The records Start Marker
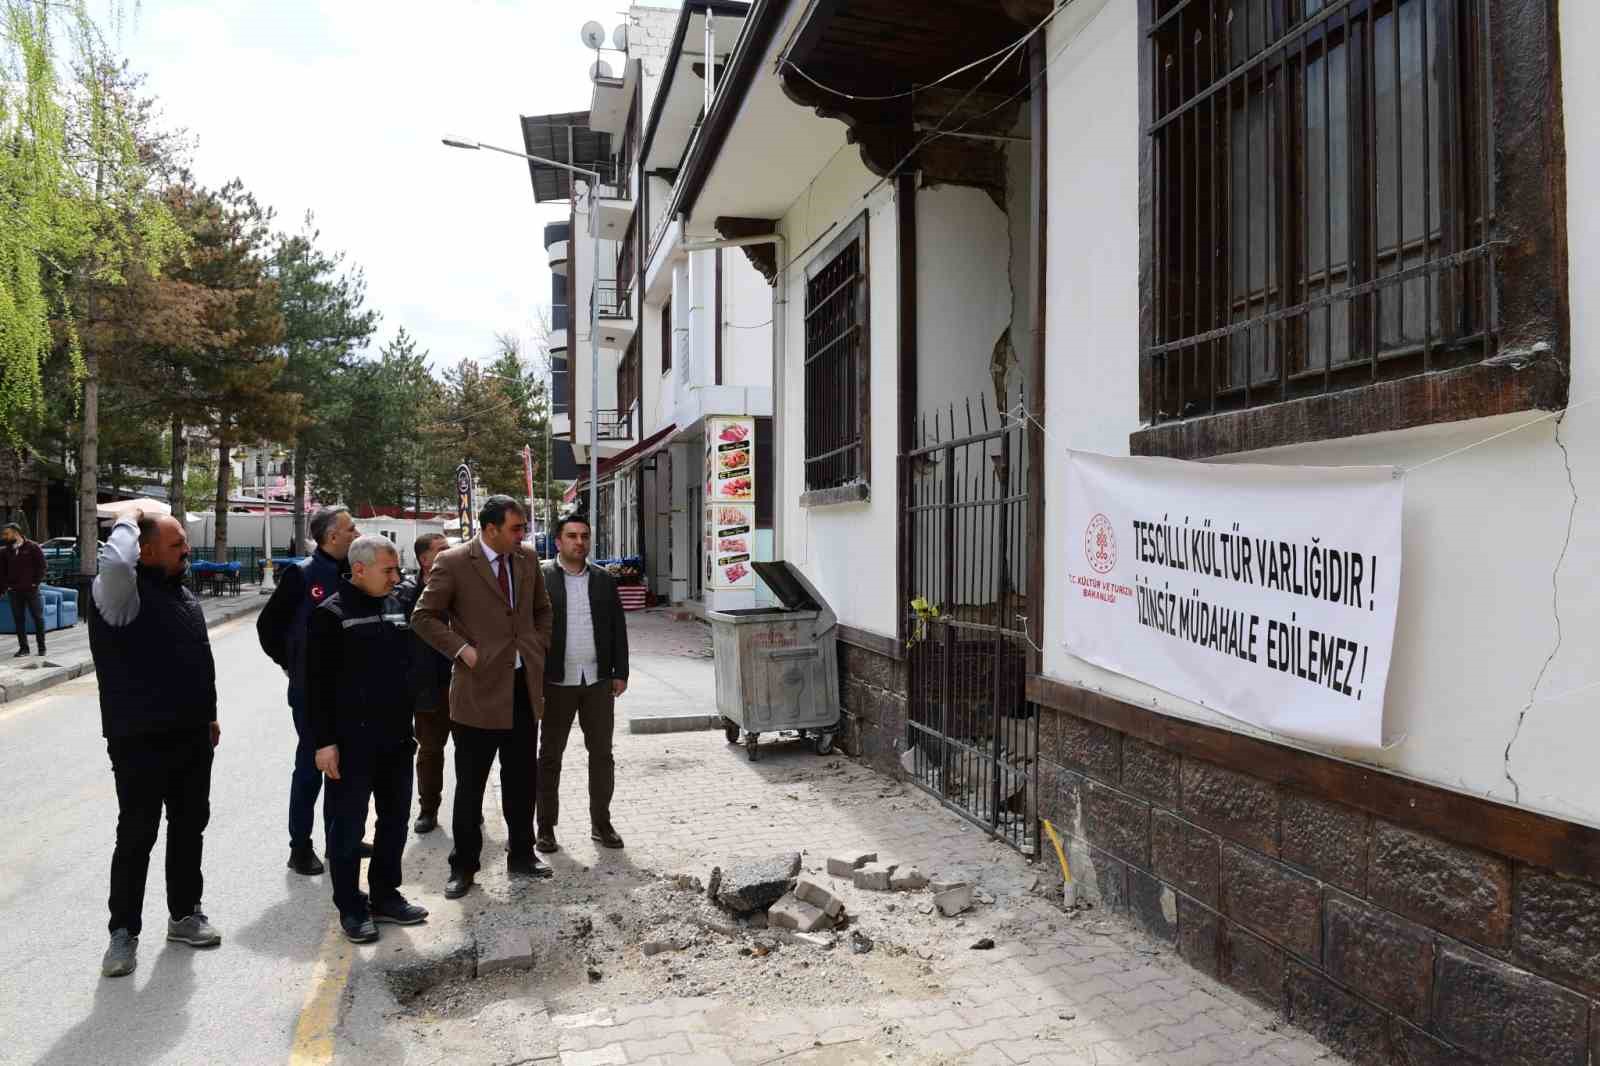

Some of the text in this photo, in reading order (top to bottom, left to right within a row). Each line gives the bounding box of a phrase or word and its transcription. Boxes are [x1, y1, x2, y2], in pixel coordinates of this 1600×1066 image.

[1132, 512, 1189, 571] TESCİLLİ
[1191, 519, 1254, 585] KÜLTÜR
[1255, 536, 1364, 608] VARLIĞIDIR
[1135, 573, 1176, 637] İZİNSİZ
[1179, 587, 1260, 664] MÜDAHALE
The records End Marker
__Exercise brief__
Output a precise copy of the entries, leaving the images out.

__Solution below__
Some of the text in this photo, in reading order (top to bottom, left to right within a row). Each line gives the bounding box of a phrase or word and its transcription. Boxes are [x1, y1, x2, y2], in pixel coordinates of this 1600×1066 image.

[1132, 512, 1189, 571] TESCİLLİ
[1191, 519, 1254, 585] KÜLTÜR
[1255, 536, 1364, 608] VARLIĞIDIR
[1135, 573, 1176, 637] İZİNSİZ
[1179, 587, 1260, 664] MÜDAHALE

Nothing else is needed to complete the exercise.